There has been a lot of different information in the world media about radiation leaking from the power station into the ocean.  The ISRC is being held at Onjuku Beach in Chiba, around 250 kilometres south from the power plant.

Over the last few weeks, Surf Life Saving officials have been monitoring the risks around the radiation leaks.  Over the weekend we have also sought advice and reassurance from the Japan Lifesaving Association that there has been an adequate assessment of the risk to ISRC participants and that it is safe for our athletes to attend.

As of August 12, testing at Yotsukura Beach and Nakoso Beach, which are located 35 kilometres and 70 kilometers south of the Fukushima Nuclear Power Plant, has shown no abnormal levels of radiation.

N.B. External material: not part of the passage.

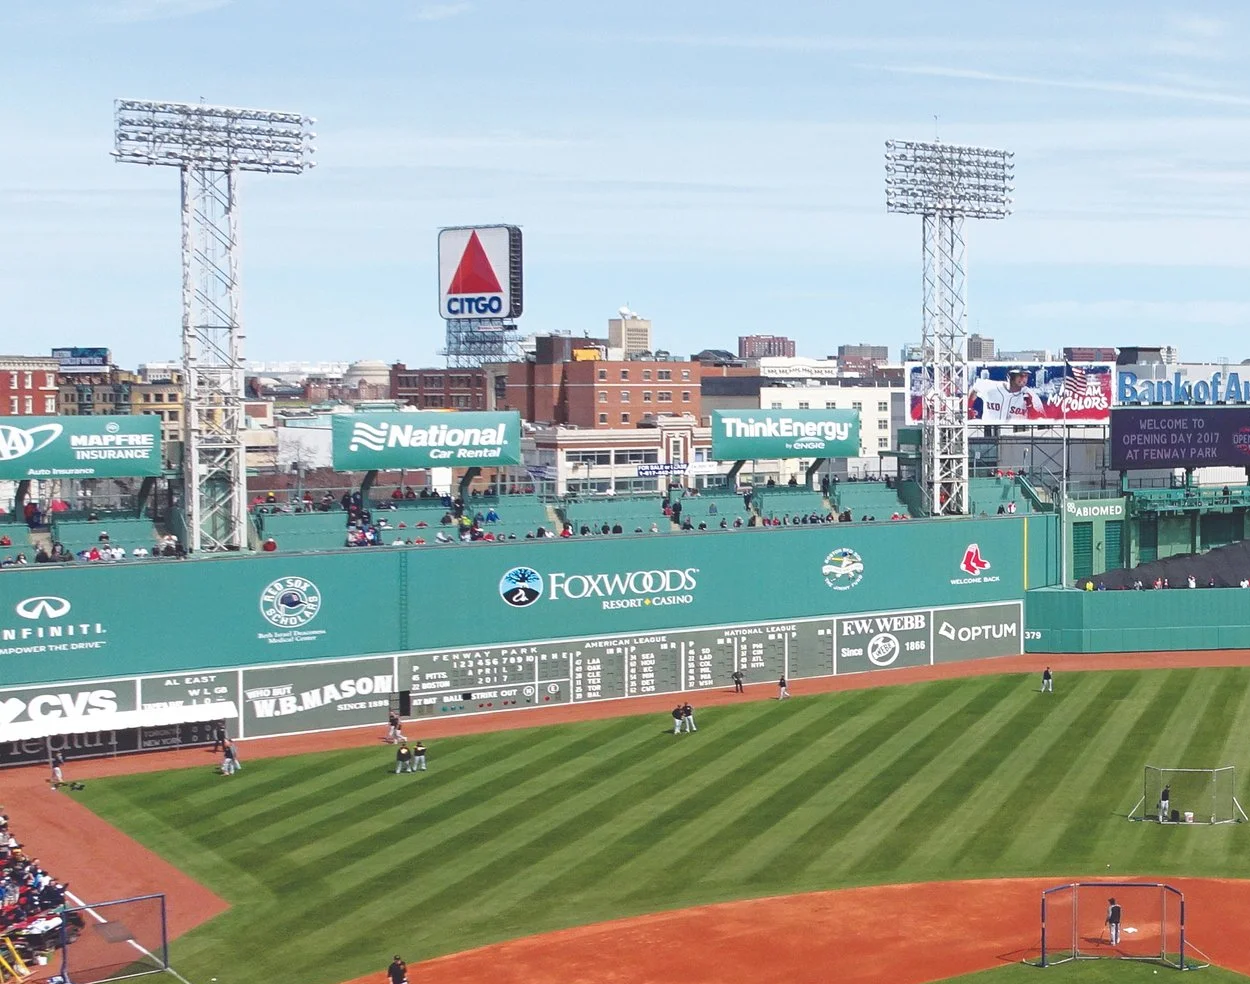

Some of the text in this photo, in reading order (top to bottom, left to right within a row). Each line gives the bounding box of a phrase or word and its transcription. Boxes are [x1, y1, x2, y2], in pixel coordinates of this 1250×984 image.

As of September 6, testing at Onjuku Beach itself has shown no abnormal levels of radiation.

As a result the Executive Committee of the ISRC is stating that Onjuku Beach has not been affected by the leak at Fukushima.  However they are continuing to carry out weekly checks of water quality at Onjuku Beach until the completion of the ISRC.

After assessing this, and various other information, we are satisfied that our athletes won't be in danger of coming into contact with high levels of radiation and therefore we will still be sending our teams to the ISRC.

This information has been communicated with our athletes and their families and they have been given the option to withdraw from the competition if they wish and we will of course support their decision.